A Green Constitution?

Despite some remarkable advances in recent years, liberals environmentalists have had a recurring problem with the U.S. and state Constitutions. These documents were authored written by domination-minded white males in the Dark Ages, at a time when everyone was eager to develop the country, except, of course, the Native Americans who knew nothing of casinos.

The enviros' main problem with the Constitutions was and is that they enshrine a quaint 18th century notion about private property. That notion was frequently copied almost word for word from George Mason's Virginia Bill of Rights, adopted in that state a month before the Declaration of Independence. As it appears in Article 1st of the Vermont Constitution today, it goes like this:

"That all men are born equally free and independent, and have certain natural, inherent and unalienable rights, amongst which are the enjoying and defending life and liberty, acquiring, possessing and protecting property, and pursuing and obtaining happiness and safety."
Vermont's constitution writers went on to state (Article 2nd) that "private property ought to be subservient to public uses when necessity requires it, nevertheless, whenever any person's property is taken for the use of the public, the owner ought to receive an equivalent in money." This was the first written constitution in the world to explicitly declare the right of just compensation when one's property is taken for public use.

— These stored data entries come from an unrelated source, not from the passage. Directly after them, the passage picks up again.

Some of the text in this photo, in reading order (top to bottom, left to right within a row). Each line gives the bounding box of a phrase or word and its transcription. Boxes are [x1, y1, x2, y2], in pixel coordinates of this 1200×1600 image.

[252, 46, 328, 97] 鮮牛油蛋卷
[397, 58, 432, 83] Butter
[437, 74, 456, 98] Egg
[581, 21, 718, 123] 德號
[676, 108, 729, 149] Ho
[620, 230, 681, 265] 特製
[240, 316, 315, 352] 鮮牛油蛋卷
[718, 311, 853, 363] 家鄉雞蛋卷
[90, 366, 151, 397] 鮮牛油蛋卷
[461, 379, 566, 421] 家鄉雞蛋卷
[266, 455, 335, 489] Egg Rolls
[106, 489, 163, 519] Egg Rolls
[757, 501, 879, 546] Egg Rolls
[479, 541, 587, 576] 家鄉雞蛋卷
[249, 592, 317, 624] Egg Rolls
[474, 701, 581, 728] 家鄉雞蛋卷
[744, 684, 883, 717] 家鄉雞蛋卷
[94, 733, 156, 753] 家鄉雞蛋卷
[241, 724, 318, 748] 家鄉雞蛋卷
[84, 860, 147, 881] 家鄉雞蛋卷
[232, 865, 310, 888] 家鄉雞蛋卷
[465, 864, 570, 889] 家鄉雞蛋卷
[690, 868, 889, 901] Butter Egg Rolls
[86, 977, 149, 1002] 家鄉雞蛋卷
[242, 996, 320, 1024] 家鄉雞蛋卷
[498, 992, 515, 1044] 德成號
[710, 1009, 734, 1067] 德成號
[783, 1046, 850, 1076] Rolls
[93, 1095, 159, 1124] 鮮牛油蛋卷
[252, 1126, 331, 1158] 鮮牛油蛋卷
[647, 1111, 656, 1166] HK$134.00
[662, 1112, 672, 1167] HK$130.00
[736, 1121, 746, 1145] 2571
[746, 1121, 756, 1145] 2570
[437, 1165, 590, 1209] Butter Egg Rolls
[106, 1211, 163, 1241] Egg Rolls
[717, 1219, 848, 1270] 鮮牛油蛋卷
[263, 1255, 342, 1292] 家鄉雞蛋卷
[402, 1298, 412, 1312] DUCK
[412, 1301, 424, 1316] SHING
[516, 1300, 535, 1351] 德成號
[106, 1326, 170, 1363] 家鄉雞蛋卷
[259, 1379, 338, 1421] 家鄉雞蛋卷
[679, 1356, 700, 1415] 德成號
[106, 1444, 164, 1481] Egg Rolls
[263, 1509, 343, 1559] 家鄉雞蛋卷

So what's the problem? The problem, according to the enviros, is that those authors of two centuries ago were not sufficiently attuned to the needs of ecosystems. By declaring and protecting a human right of private property ownership, they left it to individuals to decide the best use of their own land. Of course, 600 years of English common law put some limits on harmful uses - the courts had long held that "one cannot use one's own to injure that of another". But all in all, this unfortunate right of private property ownership empowered landowners to defy Mother Nature and the Greater Good by using their land as they, and not society, saw fit.

For a long time the effort to undermine this constitutional right took the form of ingenious litigation before sympathetic judges. This gained a lot of ground. In Vermont, for instance, the same court that recently discovered that the Vermont constitution of 1786 required substantially equal tax resources to be available to every student has also discovered that the private property language in the Vermont Bill of Rights only declares some sort of "philosophical truism", and has no force and effect. (Shields v. Gerhart, 1993) The Vermont Supreme Court cheerfully allows government land use regulations to confiscate almost all of the economic value of private land without paying a dime to the afflicted landowner.

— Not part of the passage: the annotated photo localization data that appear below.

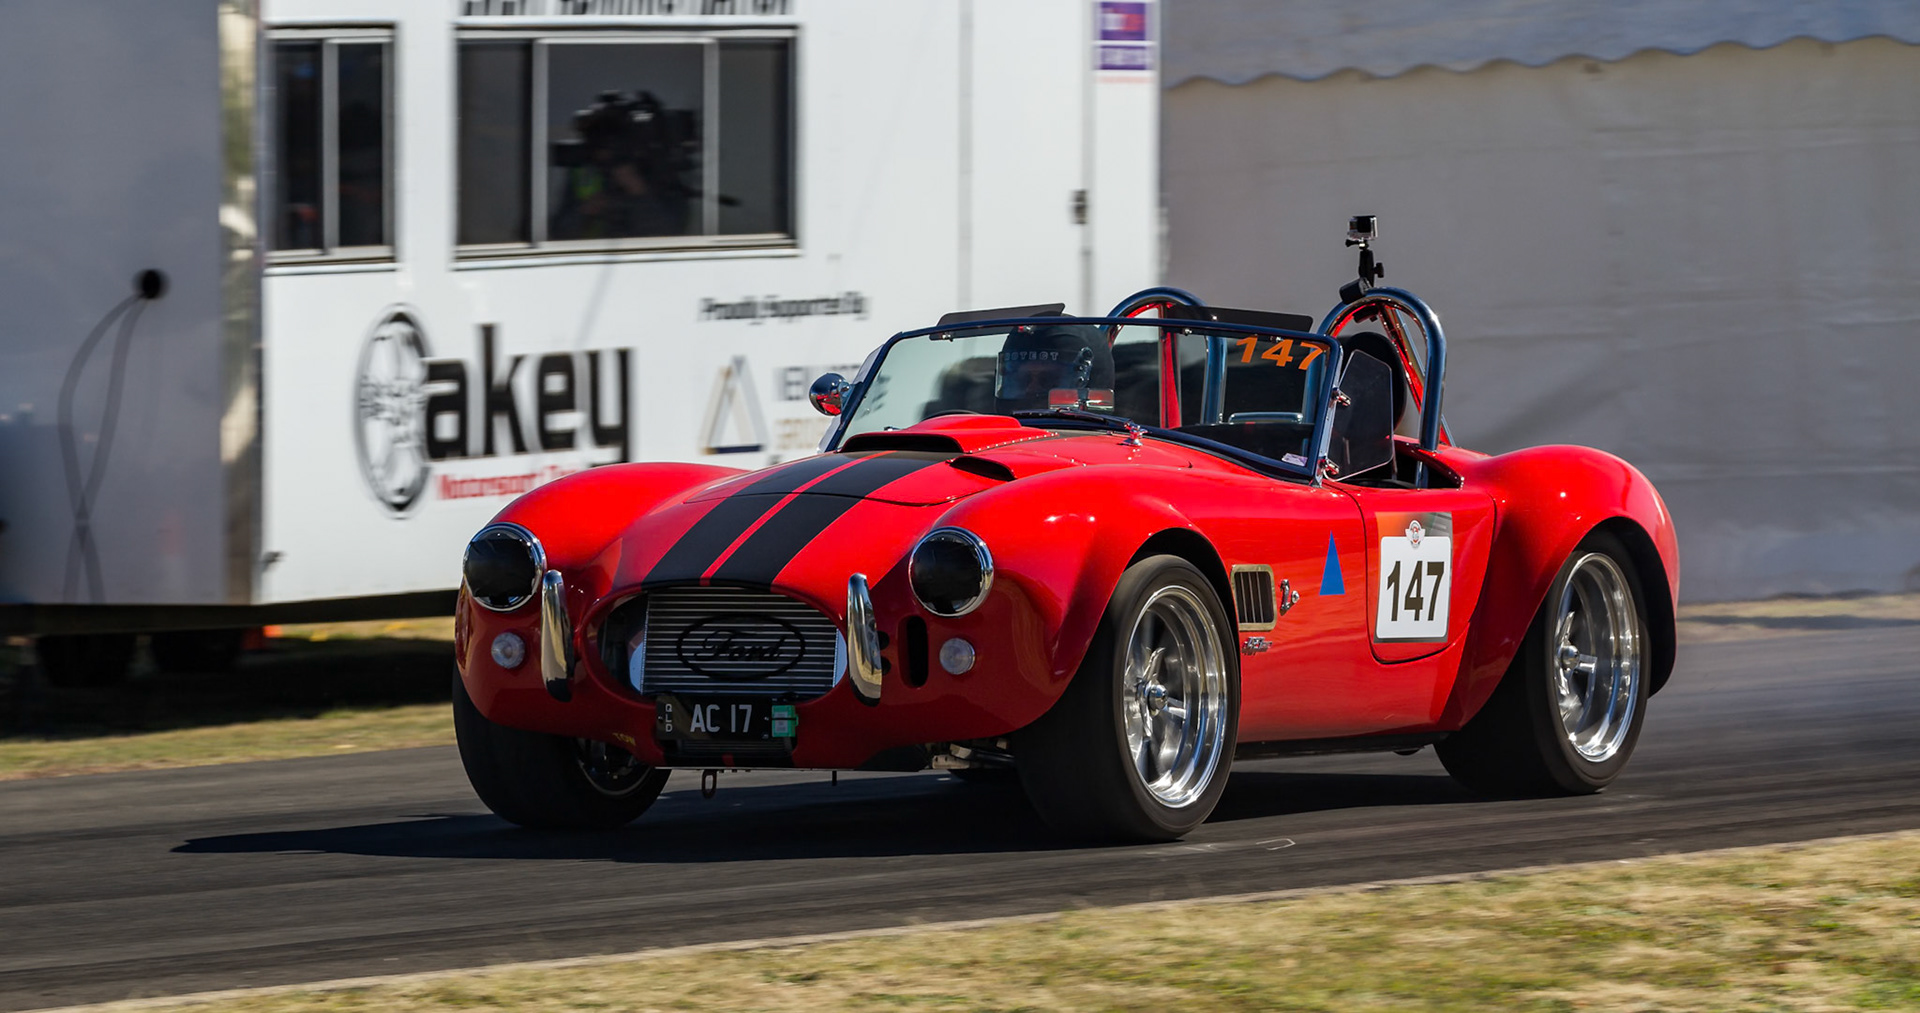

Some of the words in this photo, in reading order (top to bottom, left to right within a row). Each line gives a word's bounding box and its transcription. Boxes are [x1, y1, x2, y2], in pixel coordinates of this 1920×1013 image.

[1236, 335, 1329, 370] 147
[1386, 560, 1445, 622] 147
[694, 629, 788, 662] Ford
[690, 704, 721, 733] AC
[730, 704, 753, 733] 17

But even that liberal construction has not been enough for the enviros. As early as 1988 Sen. Harvey Carter (D-Bennington) offered a proposed state Constitutional amendment which declared that every environmental item including "the beauty of the landscape" were matters of "public good" and any use of those resources required a state permit. At about the same time the state's leading environmental organization, the Vermont Natural Resources Council was beating the drum for a Federal constitutional amendment to the same effect.

Now the push to create a "green constitution" is once again in full swing . Lawmakers in 40 states have introduced resolutions memorializing Congress to adopt an amendment "to protect the natural resources of the nation", a concept which to them includes such things as "the spiritual regeneration that comes from wilderness and nature".

The operative language reads:

"The natural resources of the nation are the heritage of present and future generations. The right of each person to clean and healthful air and water, and to the protection of the other natural resources of the nation, shall not be infringed upon by any person."
The Vermont bill is JRH 14, sponsored by Rep. Mary Sullivan (D-Burlington) and 44 other members ( 38 Democrats, 3 Progressives, 2 Republicans, 1 Independent). Strangely, its text is not available on the Vermont Legislative Home Page.

In plain language, and at a minimum, the sponsors want to allow any person or environmental group to go to Federal court to successfully sue any government agency for failing to stop any use of private land that they don't like. At most, they want to be able to enjoin any private landowner directly from making some use of his or her land that the enviros think infringes upon their expansive view of their rights under the (amended) Constitution.

So far JRH 14 has not moved out of the House Natural Resources Committee, whose chair, Rep. David Deen (D-Putney), is an enthusiastic co-sponsor. With all the environmental groups working for it, the resolution may well move forward in 1998 - especially if the sponsors fear that the 1998 elections might result in a less congenial legislature.

The adoption of such a U.S. constitutional amendment would mean, plain and simple, that all decision making power over land would come to reside in the government, and a single plaintiff alleging harm to the global ecosystem or even an alteration of a favorite view could force even a reluctant government to stop any sort of change in land use or the environment .

The Green Amendment would of course be an inexhaustible gold mine for the environmental plaintiff's bar, and a recipe for acute legal constipation. But that is far from the worst of it. Such an amendment would be the death sentence for a great human right upon which our individual liberties and our competitive free enterprise economy have been erected. And how long would it be before our other great human rights would become dependent on government approval for their exercise?